Ali was on a TPV. He couldn’t sponsor them to join him and the Minister
declined to exercise his power to enable Ali to sponsor them. If Ali left
Australia, he would be unable to return, and he had no visa to enter the
country his children were in. He was powerless to help. Instead, he lived
frugally, paid another family to look after his children and waited for
his chance to apply for permanent residency, enduring regular phone calls
with his children in which they pleaded with him to save them. I wrote
futile letters, made phone calls and helplessly watched this man’s demise.

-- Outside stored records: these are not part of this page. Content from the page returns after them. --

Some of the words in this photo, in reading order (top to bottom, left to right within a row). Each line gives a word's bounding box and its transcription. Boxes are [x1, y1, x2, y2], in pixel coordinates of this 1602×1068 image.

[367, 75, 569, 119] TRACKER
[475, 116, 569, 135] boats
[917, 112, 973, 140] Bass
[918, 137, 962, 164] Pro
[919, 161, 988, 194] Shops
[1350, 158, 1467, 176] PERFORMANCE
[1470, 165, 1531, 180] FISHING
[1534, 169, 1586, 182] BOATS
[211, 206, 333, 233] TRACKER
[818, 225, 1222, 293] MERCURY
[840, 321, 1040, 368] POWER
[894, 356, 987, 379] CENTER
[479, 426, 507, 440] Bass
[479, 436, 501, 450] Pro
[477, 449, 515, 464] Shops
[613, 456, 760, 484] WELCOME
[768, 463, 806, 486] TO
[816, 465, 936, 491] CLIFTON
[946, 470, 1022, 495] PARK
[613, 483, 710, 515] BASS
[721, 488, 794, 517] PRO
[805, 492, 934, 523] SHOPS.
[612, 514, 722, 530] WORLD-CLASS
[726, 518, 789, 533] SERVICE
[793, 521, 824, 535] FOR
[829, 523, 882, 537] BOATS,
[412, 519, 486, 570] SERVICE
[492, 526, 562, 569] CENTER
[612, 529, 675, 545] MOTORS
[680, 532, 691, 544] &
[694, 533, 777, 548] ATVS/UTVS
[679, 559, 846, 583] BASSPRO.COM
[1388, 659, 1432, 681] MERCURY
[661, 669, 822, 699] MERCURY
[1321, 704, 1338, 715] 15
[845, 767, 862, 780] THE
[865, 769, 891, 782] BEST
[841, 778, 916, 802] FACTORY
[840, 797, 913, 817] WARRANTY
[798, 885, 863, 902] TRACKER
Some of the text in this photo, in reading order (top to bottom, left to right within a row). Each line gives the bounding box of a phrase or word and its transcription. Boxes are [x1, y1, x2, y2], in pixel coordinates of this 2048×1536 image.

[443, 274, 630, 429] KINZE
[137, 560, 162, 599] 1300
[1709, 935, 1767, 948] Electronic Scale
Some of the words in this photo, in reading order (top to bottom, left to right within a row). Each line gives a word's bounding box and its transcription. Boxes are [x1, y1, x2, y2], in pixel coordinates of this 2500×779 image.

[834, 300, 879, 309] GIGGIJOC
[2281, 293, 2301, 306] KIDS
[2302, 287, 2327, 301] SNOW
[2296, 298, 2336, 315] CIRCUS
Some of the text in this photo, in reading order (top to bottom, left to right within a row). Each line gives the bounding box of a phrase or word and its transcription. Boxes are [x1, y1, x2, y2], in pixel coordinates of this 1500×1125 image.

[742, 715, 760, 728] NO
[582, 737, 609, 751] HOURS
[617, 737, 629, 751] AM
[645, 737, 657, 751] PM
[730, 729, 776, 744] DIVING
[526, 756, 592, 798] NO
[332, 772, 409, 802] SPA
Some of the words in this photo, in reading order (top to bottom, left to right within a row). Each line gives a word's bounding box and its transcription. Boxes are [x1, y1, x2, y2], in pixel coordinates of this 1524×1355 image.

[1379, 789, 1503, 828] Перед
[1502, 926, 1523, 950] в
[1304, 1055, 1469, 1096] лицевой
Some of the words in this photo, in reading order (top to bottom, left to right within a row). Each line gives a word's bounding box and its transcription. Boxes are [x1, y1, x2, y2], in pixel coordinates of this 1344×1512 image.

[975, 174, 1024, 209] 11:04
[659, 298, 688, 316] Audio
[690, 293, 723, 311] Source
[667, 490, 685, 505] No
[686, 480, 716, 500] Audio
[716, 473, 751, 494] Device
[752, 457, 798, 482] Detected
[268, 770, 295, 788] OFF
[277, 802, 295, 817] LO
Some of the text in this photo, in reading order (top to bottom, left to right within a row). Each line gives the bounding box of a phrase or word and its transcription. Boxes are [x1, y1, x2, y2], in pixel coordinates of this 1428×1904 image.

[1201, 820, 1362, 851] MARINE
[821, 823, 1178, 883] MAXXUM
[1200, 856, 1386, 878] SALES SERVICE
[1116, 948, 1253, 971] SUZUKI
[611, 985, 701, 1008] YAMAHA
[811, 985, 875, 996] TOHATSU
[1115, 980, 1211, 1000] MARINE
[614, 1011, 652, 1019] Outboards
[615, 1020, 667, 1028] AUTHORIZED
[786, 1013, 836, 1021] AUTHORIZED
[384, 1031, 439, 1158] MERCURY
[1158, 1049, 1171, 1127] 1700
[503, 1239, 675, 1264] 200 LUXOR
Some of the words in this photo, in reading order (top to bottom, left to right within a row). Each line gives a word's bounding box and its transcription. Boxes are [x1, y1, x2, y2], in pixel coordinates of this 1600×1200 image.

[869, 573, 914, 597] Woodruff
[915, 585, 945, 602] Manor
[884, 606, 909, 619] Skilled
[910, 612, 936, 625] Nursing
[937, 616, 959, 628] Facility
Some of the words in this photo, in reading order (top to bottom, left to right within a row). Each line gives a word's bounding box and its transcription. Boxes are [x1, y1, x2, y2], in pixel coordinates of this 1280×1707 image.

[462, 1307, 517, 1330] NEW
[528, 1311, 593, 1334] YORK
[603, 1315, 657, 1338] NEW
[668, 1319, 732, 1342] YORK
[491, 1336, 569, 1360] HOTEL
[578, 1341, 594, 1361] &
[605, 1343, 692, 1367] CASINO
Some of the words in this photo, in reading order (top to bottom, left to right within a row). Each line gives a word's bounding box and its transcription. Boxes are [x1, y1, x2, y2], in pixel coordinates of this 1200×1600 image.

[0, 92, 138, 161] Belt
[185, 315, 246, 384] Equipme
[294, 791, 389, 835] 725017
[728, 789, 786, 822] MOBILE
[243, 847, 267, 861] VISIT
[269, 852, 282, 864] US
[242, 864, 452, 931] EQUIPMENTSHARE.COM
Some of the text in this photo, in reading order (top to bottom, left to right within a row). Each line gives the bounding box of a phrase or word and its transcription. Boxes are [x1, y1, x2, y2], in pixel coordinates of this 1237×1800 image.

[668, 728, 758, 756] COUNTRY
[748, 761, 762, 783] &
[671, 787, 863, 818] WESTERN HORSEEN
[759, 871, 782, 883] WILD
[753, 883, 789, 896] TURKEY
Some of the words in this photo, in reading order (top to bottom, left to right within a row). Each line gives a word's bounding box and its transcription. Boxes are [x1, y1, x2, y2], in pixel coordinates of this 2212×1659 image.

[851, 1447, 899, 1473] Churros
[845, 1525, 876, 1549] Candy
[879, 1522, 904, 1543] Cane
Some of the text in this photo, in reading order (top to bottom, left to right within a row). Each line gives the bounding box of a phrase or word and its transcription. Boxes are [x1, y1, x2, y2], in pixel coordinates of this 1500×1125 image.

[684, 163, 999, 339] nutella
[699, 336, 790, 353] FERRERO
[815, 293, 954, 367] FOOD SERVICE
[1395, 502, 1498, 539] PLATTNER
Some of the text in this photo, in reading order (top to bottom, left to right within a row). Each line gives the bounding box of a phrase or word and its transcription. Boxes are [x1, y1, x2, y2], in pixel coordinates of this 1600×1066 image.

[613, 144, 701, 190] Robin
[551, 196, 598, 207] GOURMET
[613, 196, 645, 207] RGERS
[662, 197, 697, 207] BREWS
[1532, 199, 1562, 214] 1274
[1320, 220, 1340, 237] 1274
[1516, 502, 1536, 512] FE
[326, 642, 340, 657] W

Ali is now an Australian citizen and his children are, mercifully, with
their dad. They were separated for 5 years. I’m not sure if Ali will ever
recover from his torment or if his children will ever understand why it
took their dad so long to rescue them.
The real tragedy though, is that Ali’s story is not unique. His story is
so typical of ‘boatpeople’ that the reason the Minister refused his
request for help is that there were several thousand people facing much
the same situation. To help one would be unfair. To help all would
undermine the TPV regime.
Is this really what you want Mr Turnbull?
____________________________
Lucy Fiske is a lecturer at the Centre for Human Rights Education at
Curtin University. She is also doing a PhD looking at refugee protest
against immigration detention in Australia. She is also in the board of
CARAD, a local community group helping refugees and asylum seekers.